Treo 270

What would the ultimate PDA look like? Ideally, it should be the size of a biro, open-out to the size of a laptop, weigh nothing, cost nothing, and have a wireless broadband connection to the Internet. Given that this is what people want, it’s unsurprising that attempts to fulfil their wishes usually fall short of the mark. But with the Treo, Handspring is getting closer – a Palm OS PDA with built-in mobile phone. There are mobile phones that have PDA functions, like the Nokia Communicator range. However, they tend to be Windows-centric. The Palm OS is much more Mac-friendly – making the Treo your Mac’s ideal partner. Size is everything
Size is one of the most important issues with PDAs. Too big, and people don’t carry them, defeating their purpose. Smaller PDAs – including mobile phones – suffer from being too tiny to be useful; text-messaging or emailing from a mobile phone can be a test of endurance and dexterity. The Palm OS has an advantage by being pen-based, though the simple-to-use Graffiti software takes an hour or so to pick up. The new Treo 270 offers a great package that really gets the balance right, solving a lot of the PDA problems. The most noticeable difference between the Treo and other Palm PDAs is the keyboard. For those of you with an aversion to pen-input, the keyboard is great. Cynics will claim it’s too small for big fingers, yet it was fine for my sausage-like fingers. Unlike the previous Treo 180, the 270 has a colour screen. This might seem a bit frivolous, but for browsing the Web, it’s a distinct advantage. It probably drains the battery more quickly, but it’s rechargeable from the USB connection or optional cradle (which costs a hefty £44). Setting the Treo up for Web access is inevitably a bit of an ordeal, though I had more luck than I did with my own mobile phone. Once you’re there, though, it works well; and the browser is much better in colour. Because of the Palm OS, you can download applications such as maps, games, and databases onto your Treo – making it much more like a normal PDA. There’s 16MB of memory included, so you should have enough for all your contacts and other info. It might not sound much, but in Palm terms, it’s plenty. So, is it a PDA or is it a phone? It gets the balance right, and depending on your point of view – or how you use the Treo – it can be both. As a mobile phone, it has more features than anything I’ve seen. As a PDA, it negates the need for masses of cables or modules needed for Internet connectivity. The size is just right; any smaller, and it would lose some of its usability, though – but it could be lighter.

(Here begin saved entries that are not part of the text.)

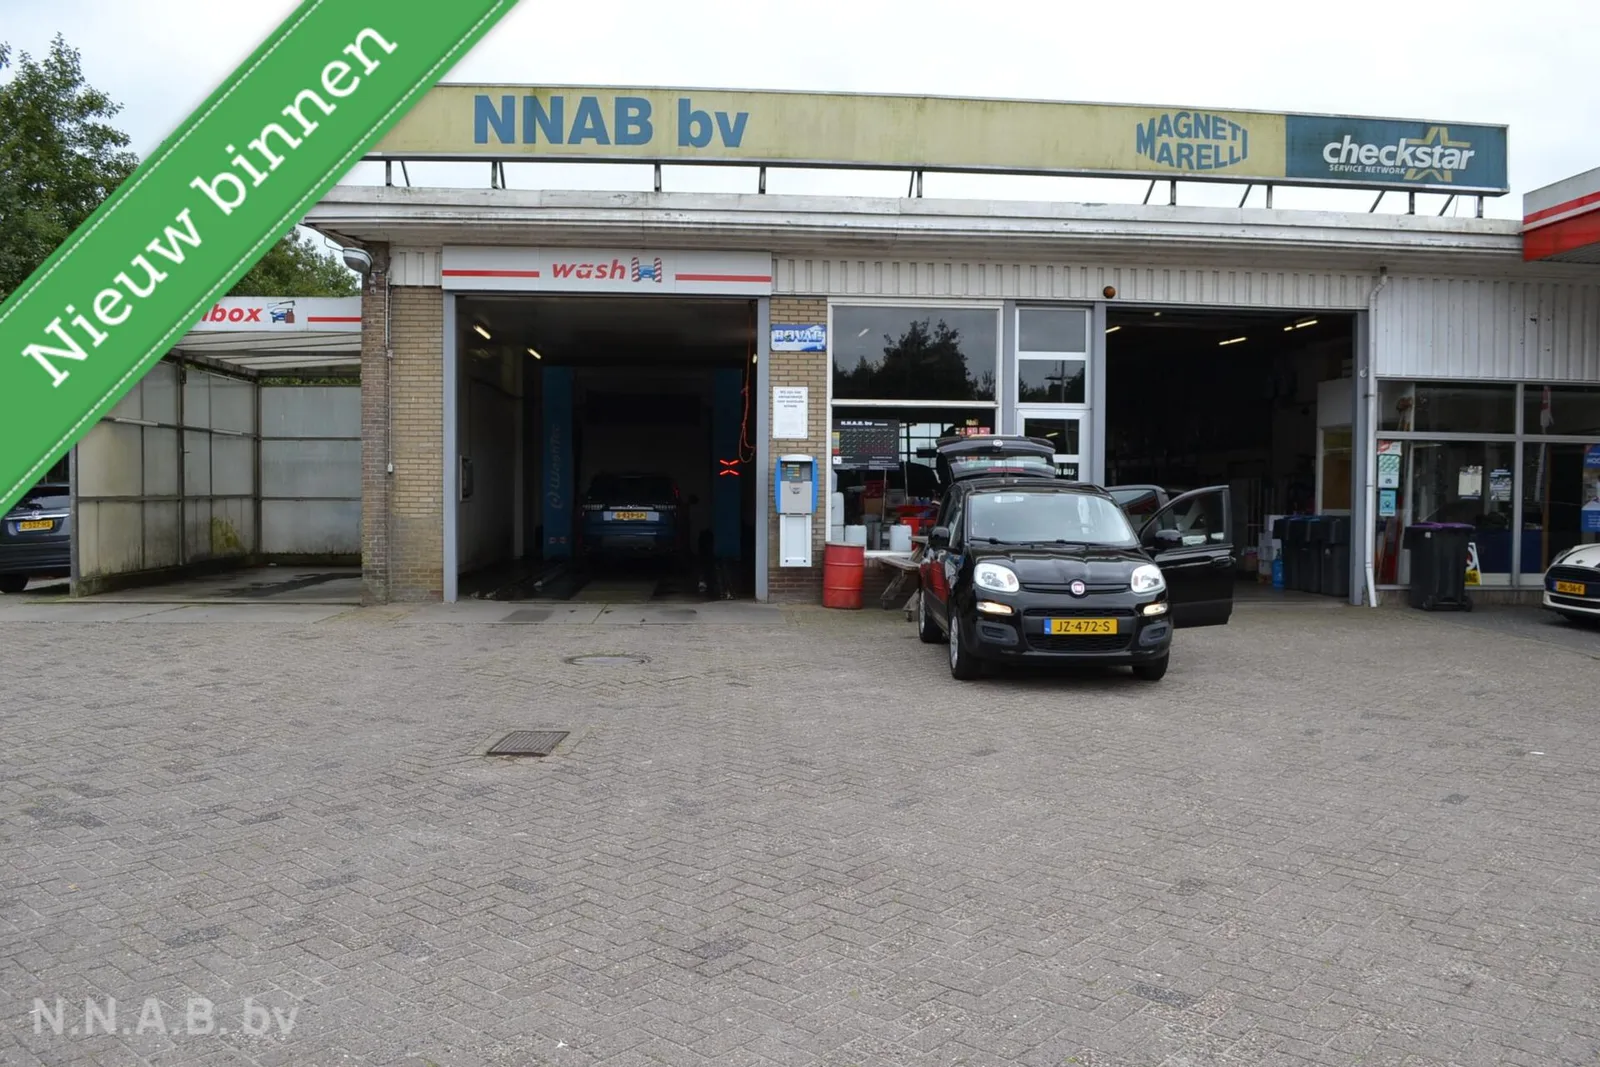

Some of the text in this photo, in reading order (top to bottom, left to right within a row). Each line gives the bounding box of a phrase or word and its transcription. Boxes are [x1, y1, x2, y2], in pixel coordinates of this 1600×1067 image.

[474, 95, 749, 148] NNAB bv
[1136, 111, 1248, 150] MAGNETI
[1136, 132, 1248, 170] MARELLI
[1323, 135, 1475, 170] checkstar
[1329, 164, 1406, 175] SERVICE NETWORK
[552, 259, 626, 280] wash
[201, 303, 263, 323] box
[1056, 620, 1110, 633] JZ-472-S

If we take the ultimate PDA specifications, the Treo is still a little way off. It’s small, but could lose a couple of ounces; it opens to a usable size; and the connectivity is great – which just leaves the price. At a whopping £549, the Treo 270 looks like an expensive luxury – but if you buy it with a telephone subscription, the price drops to a more manageable £299.This is actually cheaper than the Visor Prism – the other Handspring PDA – which costs £349.